A reflection inspired by the readings of Proper 18(B), by The Reverend Anne Fraley.
They brought to him a deaf man who had an impediment in his speech; and they begged him to lay his hand on him. He took him aside in private, away from the crowd, and put his fingers into his ears, and he spat and touched his tongue. Then looking up to heaven, he sighed and said to him, "Ephphatha," that is, "Be opened." And immediately his ears were opened, his tongue was released, and he spoke plainly. Then Jesus ordered them to tell no one; but the more he ordered them, the more zealously they proclaimed it. They were astounded beyond measure, saying, "He has done everything well; he even makes the deaf to hear and the mute to speak." (Mark 7:32-37)
Ephphatha. Be opened.
Not a command, not a plea. Jesus’ words to release the deaf man from silence are spoken softly and without urgency. They are enough to crack open a new world not only for this deaf and ineloquent man, but for those who witness the miracle of his restoration as well.
It is both a joyous and frightening turn of events. The isolation of silence has been ripped away, ushering new life into a once-comfortable—if constrained—means of existence. We take for granted the sounds of life. How often do we stop to consider that the chatter of voices signifies access to a community, even if they are strangers? Do we hear in the wind that wraps around objects in its way the mystery of God’s movement? All manner of sound carries significance for us.

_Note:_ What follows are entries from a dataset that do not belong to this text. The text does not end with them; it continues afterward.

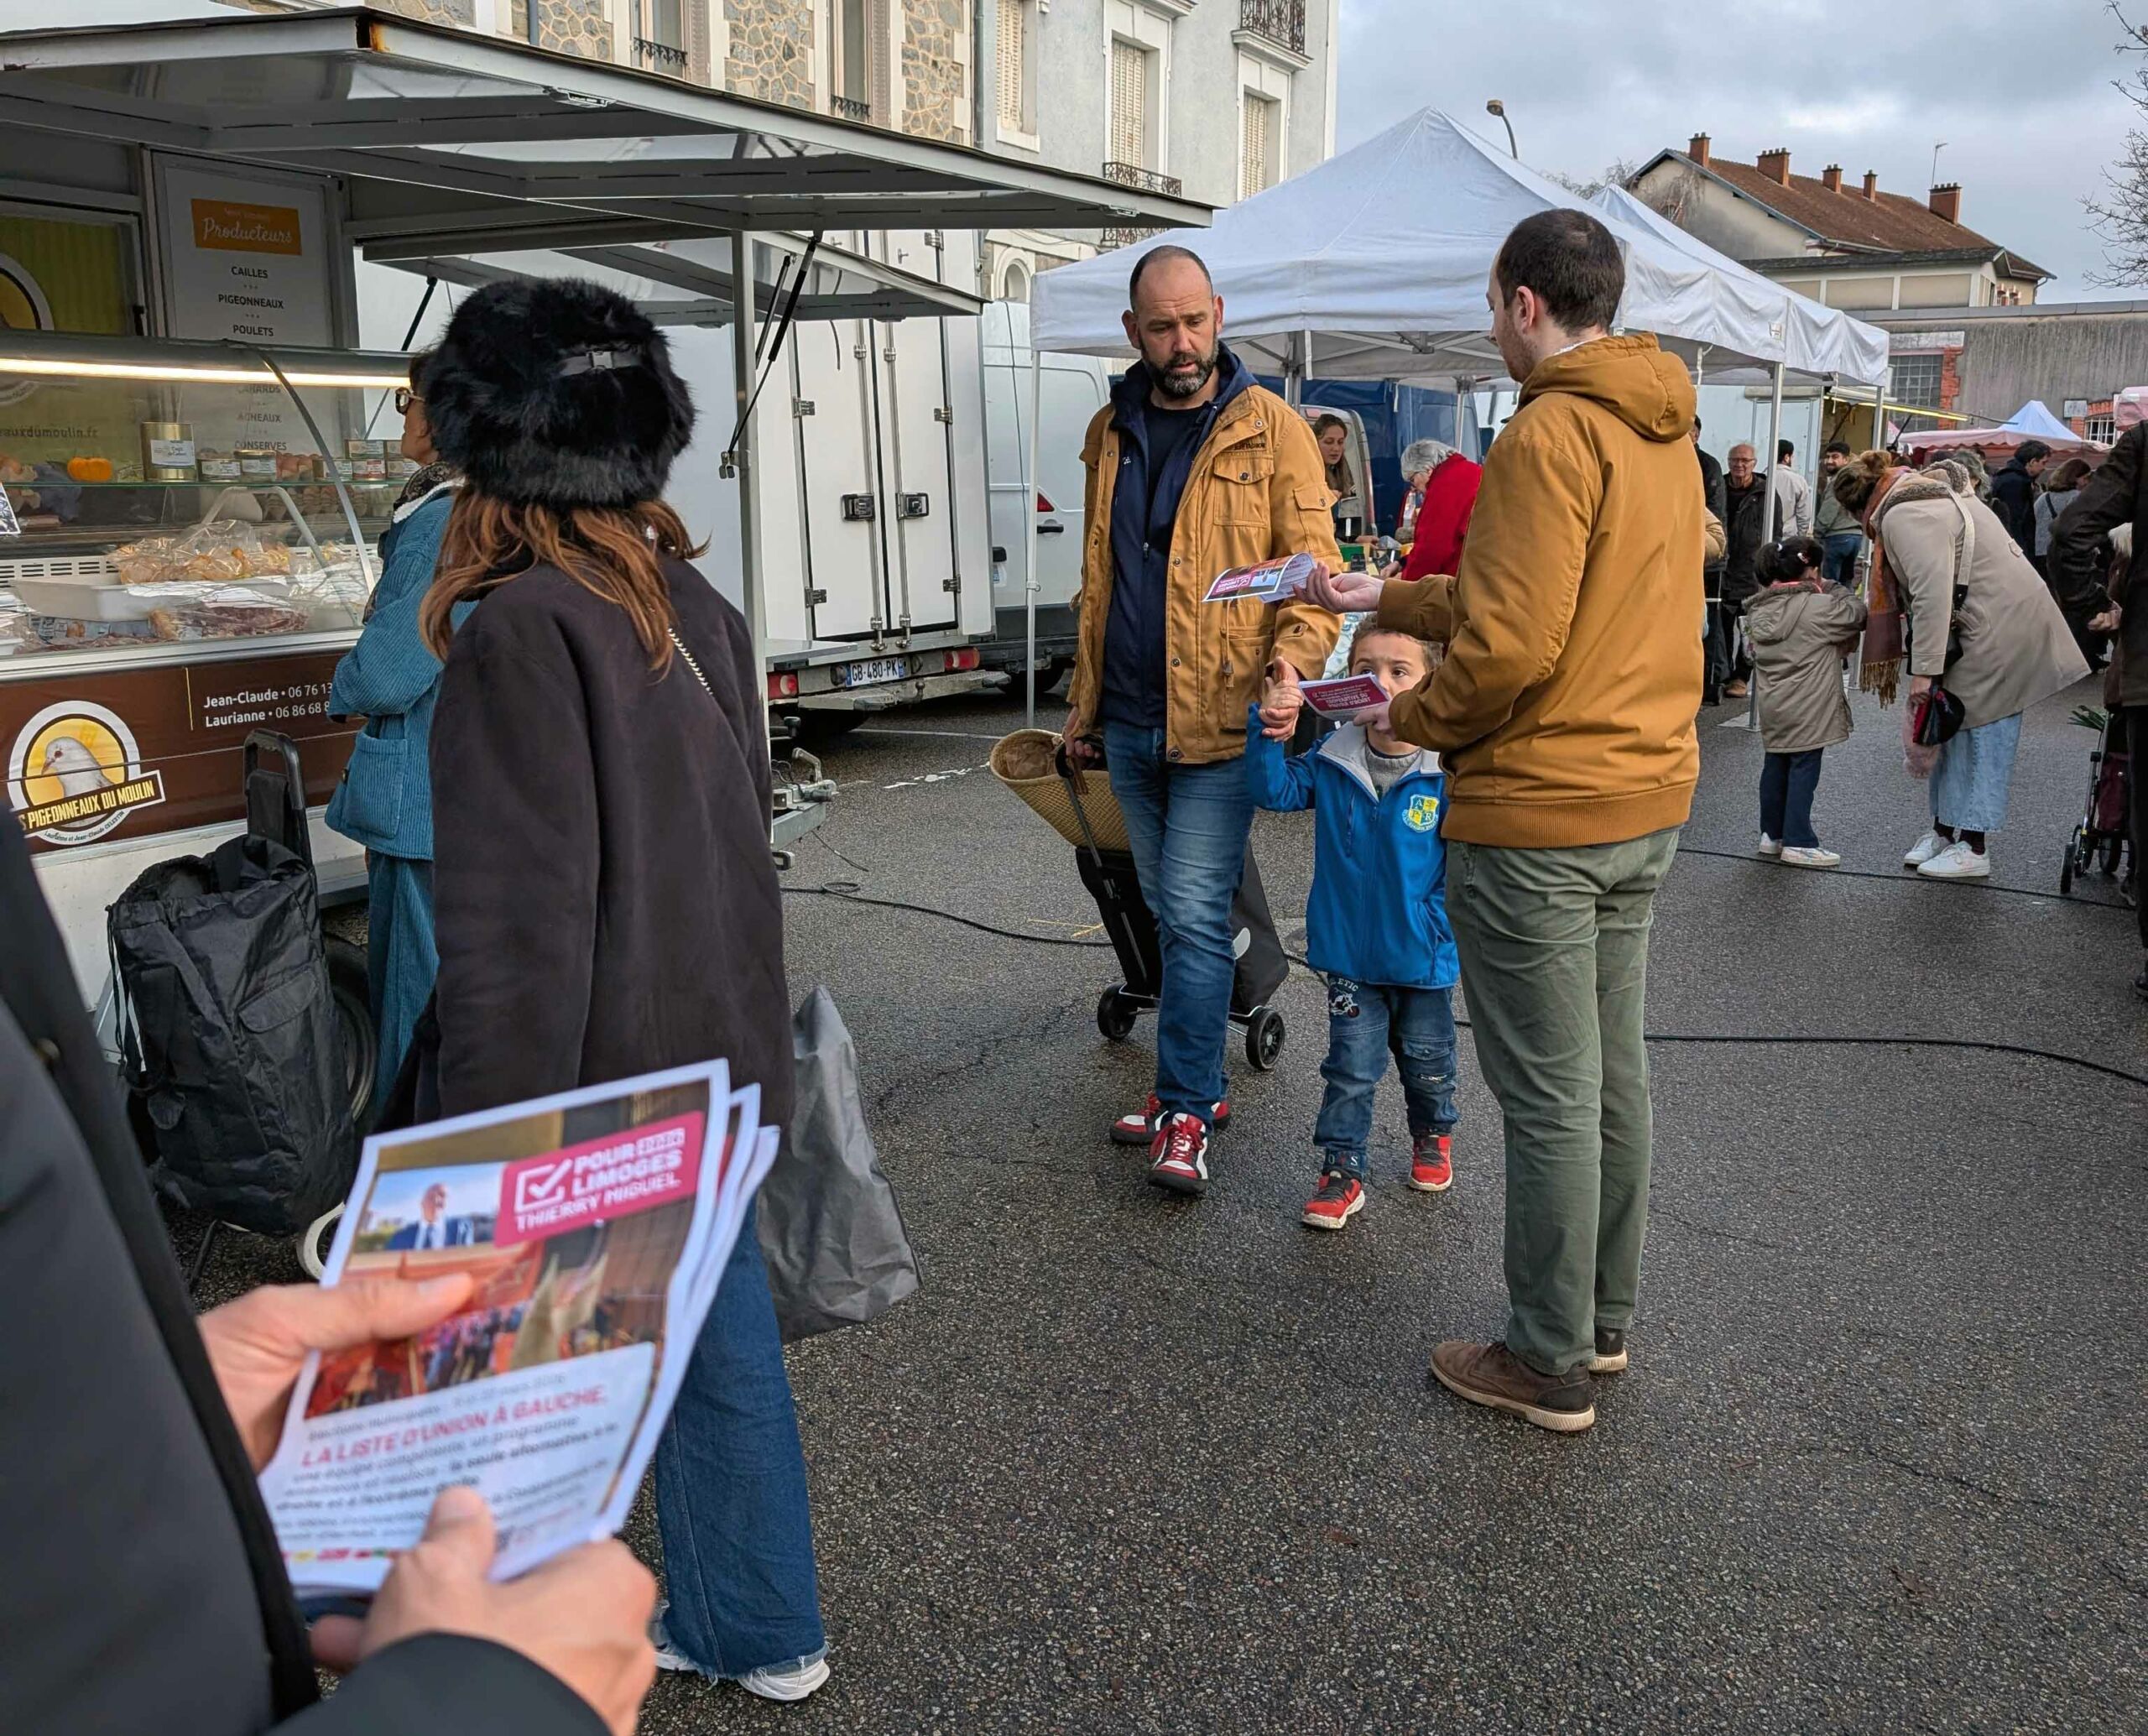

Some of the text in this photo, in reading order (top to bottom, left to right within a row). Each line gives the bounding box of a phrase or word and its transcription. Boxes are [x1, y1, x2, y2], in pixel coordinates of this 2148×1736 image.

[201, 217, 293, 243] Producteurs
[231, 266, 268, 279] CAILLES
[218, 294, 284, 309] PIGEONNEAUX
[233, 324, 274, 336] POULETS
[234, 441, 287, 451] CONSERVES
[852, 659, 898, 681] GB-480-PK
[204, 688, 279, 708] Jean-Claude
[288, 686, 302, 698] 06
[305, 684, 318, 696] 76
[206, 711, 266, 727] Laurianne
[275, 706, 289, 718] 06
[292, 704, 305, 717] 86
[308, 702, 321, 714] 68
[28, 795, 102, 829] PIGEONNEAUX
[102, 790, 117, 810] DU
[117, 780, 155, 805] MOULIN
[573, 1143, 636, 1174] POUR
[572, 1149, 683, 1196] LIMOGES
[517, 1171, 680, 1232] THIERRY MIGUEL
[302, 1447, 332, 1467] LA
[337, 1435, 398, 1462] LISTE
[403, 1410, 487, 1446] D'UNION

We likewise undervalue the tools of communication available to us through words and voice. The words we choose and the speed and emphasis with which we deliver them are as varied in number as the stars above us. The possibilities to convey the songs of our hearts and depth of our thoughts are infinite. Denied to this man for so long, the opportunities now available to him are no doubt at once exciting and overwhelming. What was old has been made new again, and layers of meaning and nuance ripple from the mouths of others to tender, receiving ears. The sound of a loved one’s voice, once imagined and shaped by the receiver, may now seem grating and out of place. The work of integrating two realities lies before the one who has received a blessing.
How odd this may seem to us, even as we appreciate the raw truth of the experience. More startling, perhaps, is to recognize that we all live this paradox daily in a world full of conflicting values and agendas, especially as we endure a toxic political season. In these bitter months approaching an important election, I strive to listen to those with whom I disagree to understand how they come to hold the point of view to which they cling so fiercely. When those views are held rationally rather than strapped on with fear and ignorance, I am challenged to hold in tension opposing and legitimate perspectives. It’s not a comfortable place to be, often, and the effort to live with that discomfort can be exhausting.

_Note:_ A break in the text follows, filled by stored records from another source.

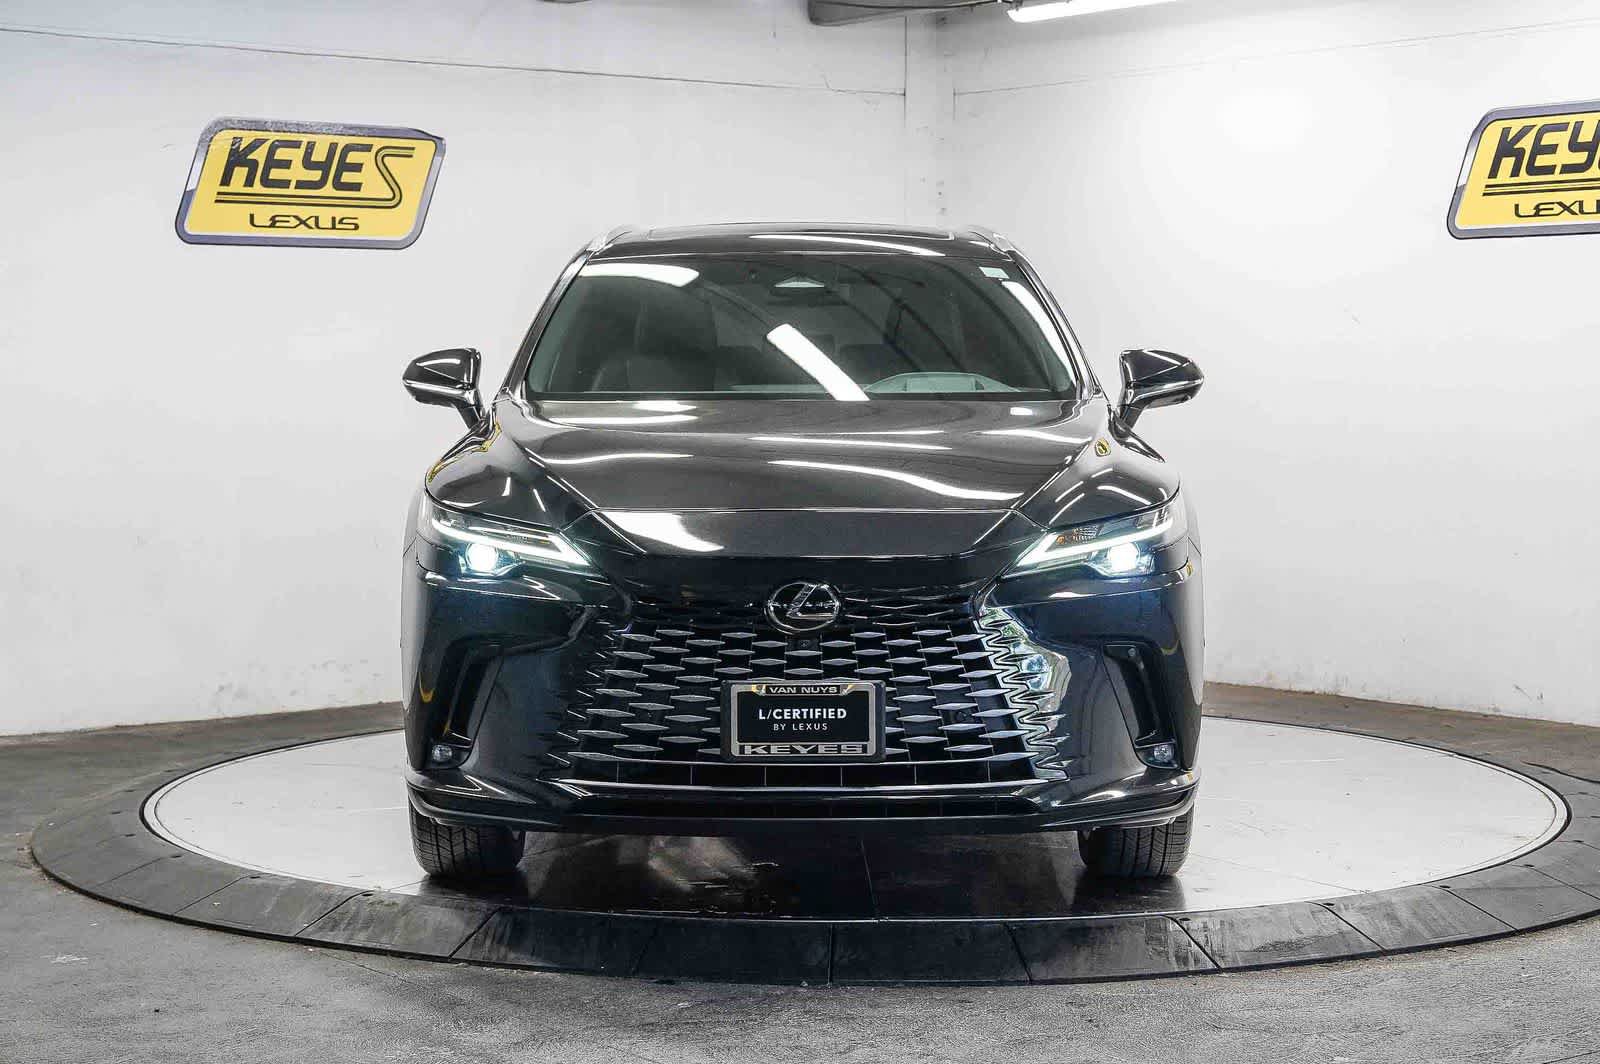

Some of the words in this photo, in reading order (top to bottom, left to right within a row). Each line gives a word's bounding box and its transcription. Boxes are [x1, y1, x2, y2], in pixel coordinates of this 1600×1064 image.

[1487, 119, 1600, 179] KEY
[216, 136, 416, 209] KEYES
[249, 213, 360, 231] LEXUS
[769, 686, 797, 694] VAN
[801, 686, 838, 694] NUYS
[758, 708, 847, 720] L/CERTIFIED
[773, 723, 787, 731] BY
[792, 722, 828, 731] LEXUS
[744, 744, 863, 755] KEYES

Harder still is enduring the excessive presence of irrationality, fear, hatred and ignorance that surrounds us. We want to shake loose the known falsehoods worn like badges of honor to allow the light of truth to penetrate the dangerous layers some people wrap around themselves as apparent protection. And that is precisely what it is, protection from the pain of reconciling what we think we know and believe with what is revealed to us.
The deaf man of this gospel hasn’t known a life rich with sound, and the work of moving past his familiar confinement to encounter that world, for better or worse, is daunting. To engage the broader world requires vulnerability unlike that which he has known in silence. Jesus has not only opened his ears, but another part of his soul.
It is risky for any of us to be open to transformation. New life brings blessing with it, but living into the fullness of that new life has its own twists, turns and potential pitfalls. Too many shrink from the prospect of God’s revelation in spite of the promise of his saving help and grace. For those who stand before Christ and offer deafness to him, the blessing of having ears to hear transcends the risk and we find ourselves in the presence of the Risen One.
And so I pray, for myself and all who would entrust whatever part of our world is closed and silent, “Ephphatha. Be opened.”